Oracle boss Larry Ellison has confirmed that the firm’s Fusion Applications will finally see the light of day during the first quarter of 2011.
Five years in the making, the business software suite was described by Ellison as a huge engineering effort. It has, he said, taken the best parts of acquired companies such as Siebel, PeopleSoft and JD Edwards and put them together.
Fusion Applications will contain 100 modules across seven different product areas: financial management, procurement and sourcing, project and portfolio management, human capital management, CRM, supply chain management, and governance risk and compliance.
The new suite is built on standards-based middleware, which Ellison said simplifies integration and management. Business intelligence (BI) is at the heart of Fusion Applications, Ellison said, rather than just being included in the platform.
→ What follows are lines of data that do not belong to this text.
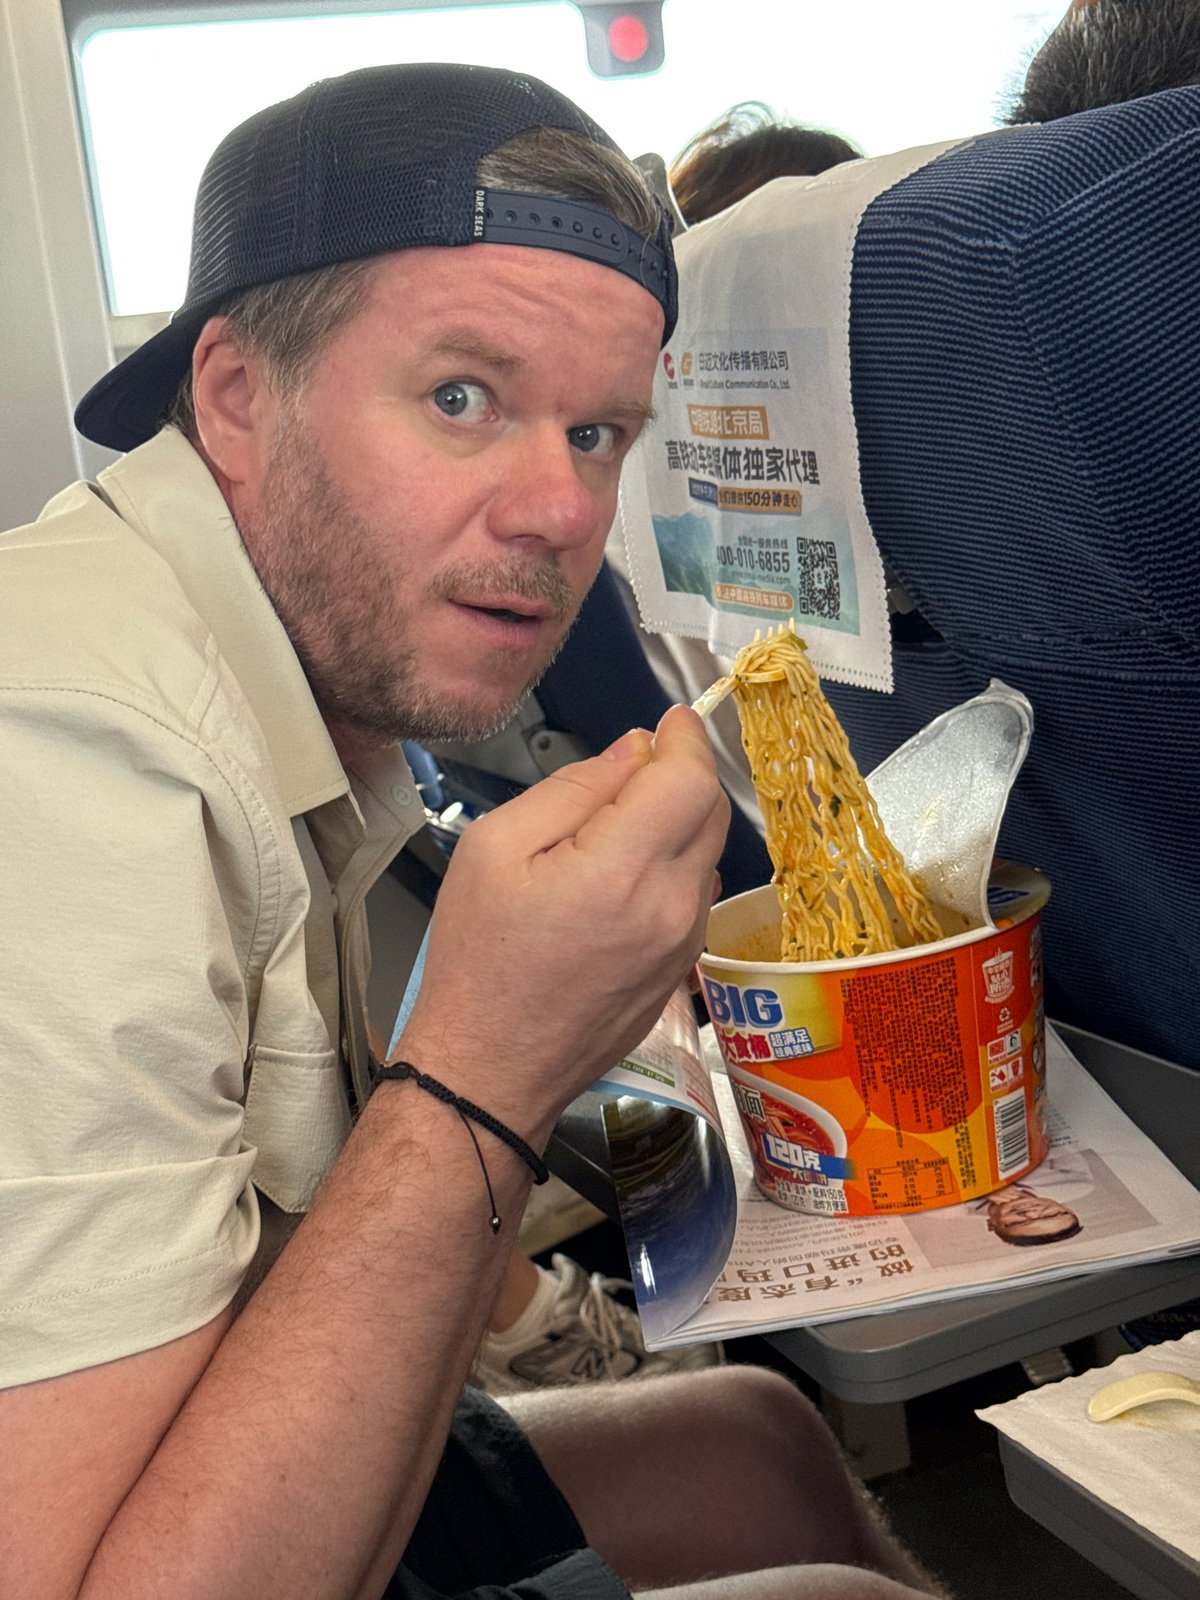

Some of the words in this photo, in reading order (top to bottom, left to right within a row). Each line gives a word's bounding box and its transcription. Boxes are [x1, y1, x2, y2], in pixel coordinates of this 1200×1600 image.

[475, 190, 485, 213] DARK
[473, 215, 484, 237] SEAS
[703, 977, 782, 1028] BIG
[770, 1029, 810, 1047] 超满足
[774, 1042, 814, 1058] 经典美味
[765, 1133, 821, 1171] 120克
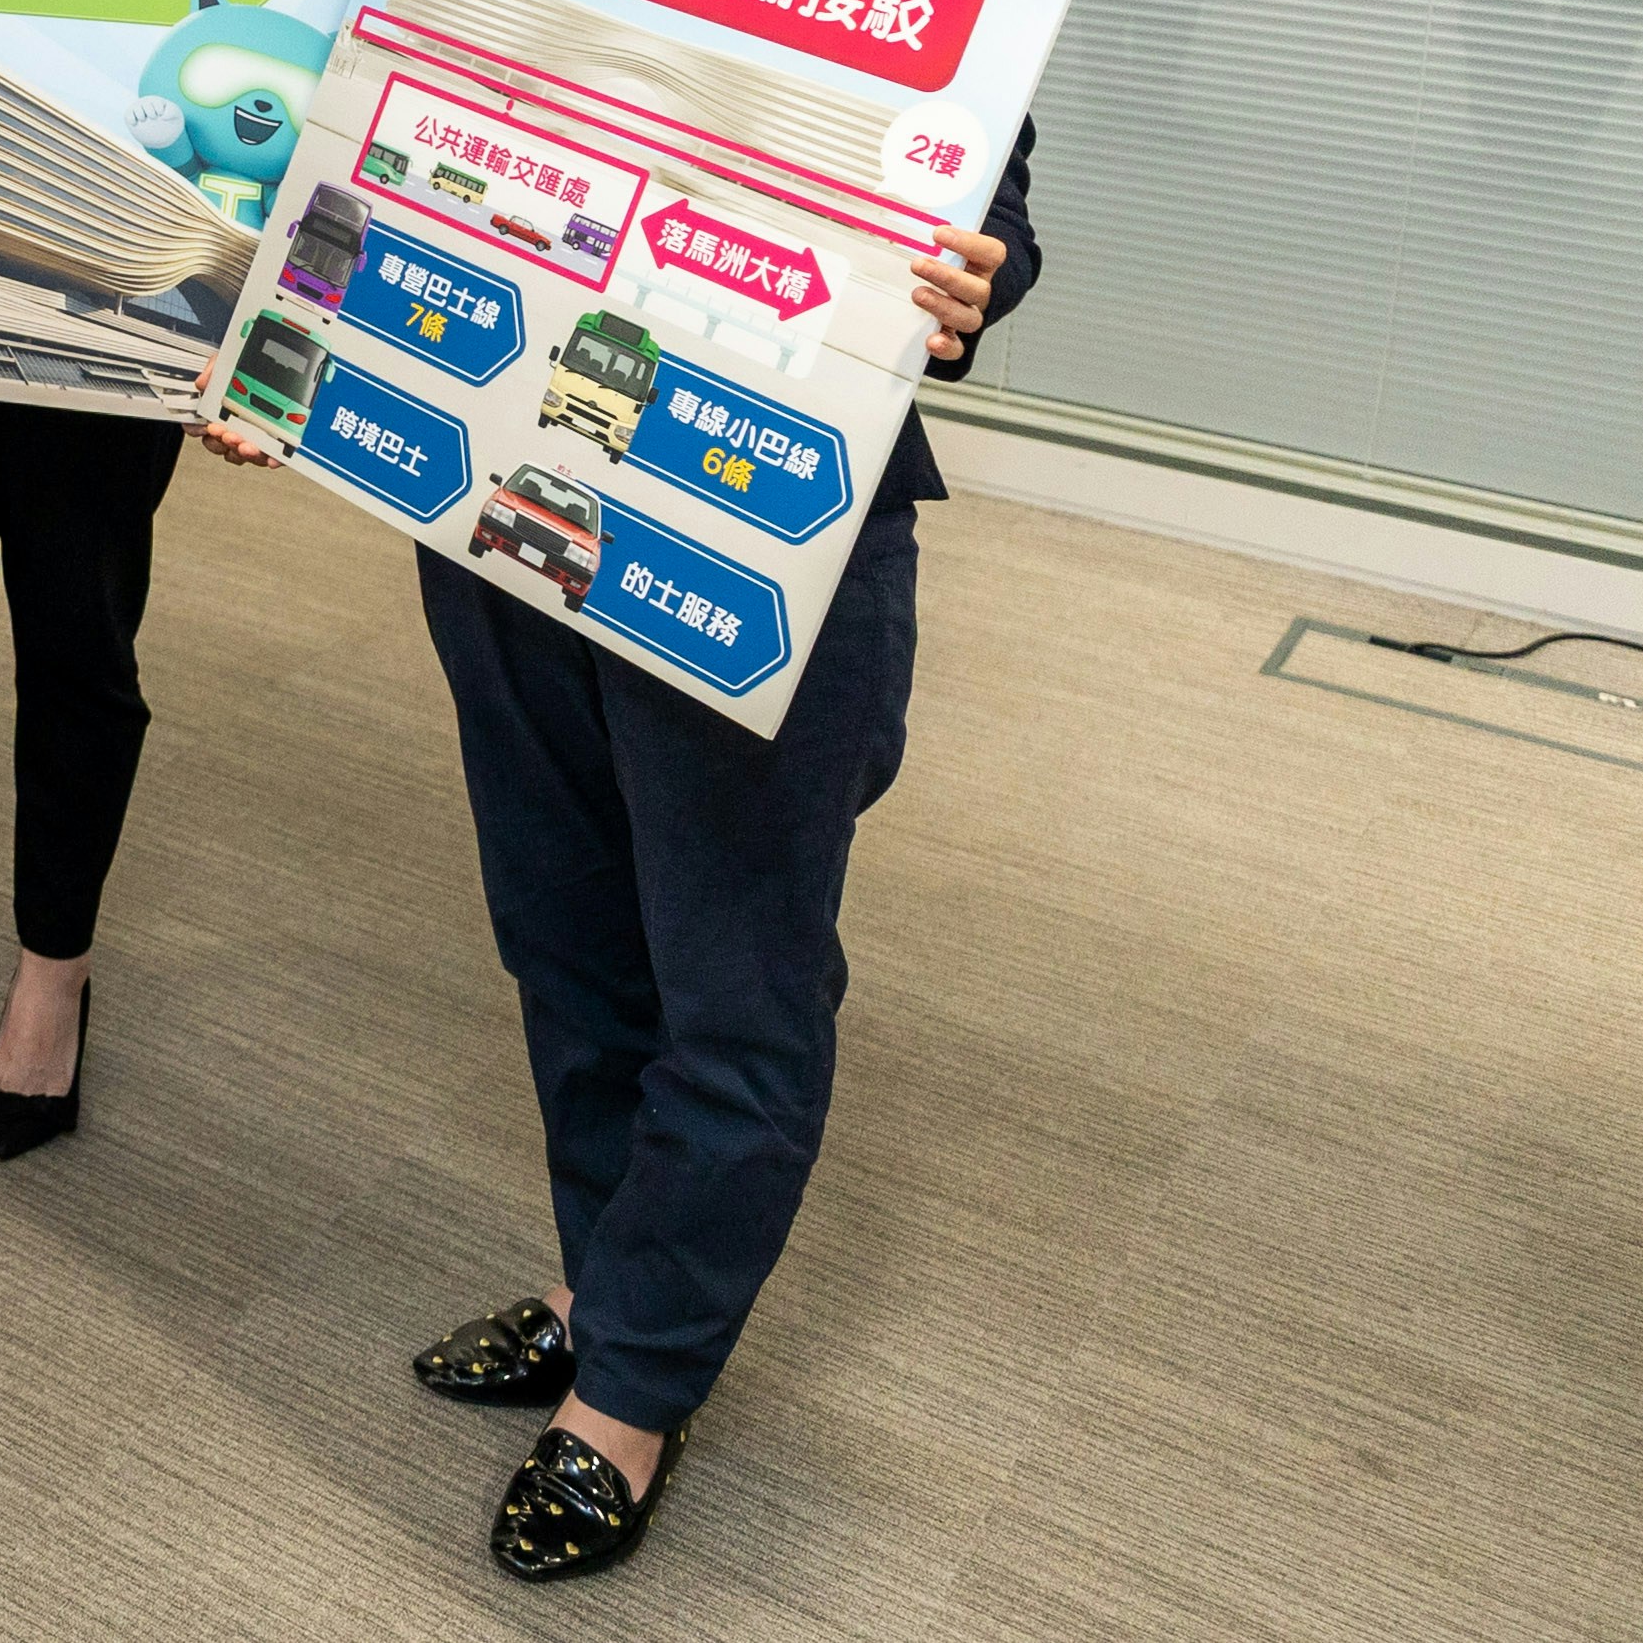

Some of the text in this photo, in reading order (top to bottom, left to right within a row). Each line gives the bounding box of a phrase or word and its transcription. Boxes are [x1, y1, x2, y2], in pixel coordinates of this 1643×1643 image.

This should remove the need for separate BI platforms, he added.
Oracle will start delivering Fusion Applications to customers later this year, followed by general availability in the first quarter of next year. "However," said Ellison, "we will be cautious and expect our customers to be as well. We expect 50-100 customers in the first half of next year, while many will wait to see how deployments go first."
It can be offered on premise or on-demand, or both, and customers will be able to switch between the two. This separates Oracle’s offering from the likes of SAP who only offer either cloud- or on premise-based software, Ellison said.
"Oracle Fusion Applications bring a new era of application software and technology investments going forward," said Steve Miranda, SVP of Oracle Application Development. "To set a new standard, we listened and gathered the best practices from thousands of customers to deliver the first 100% open and standards-based business applications."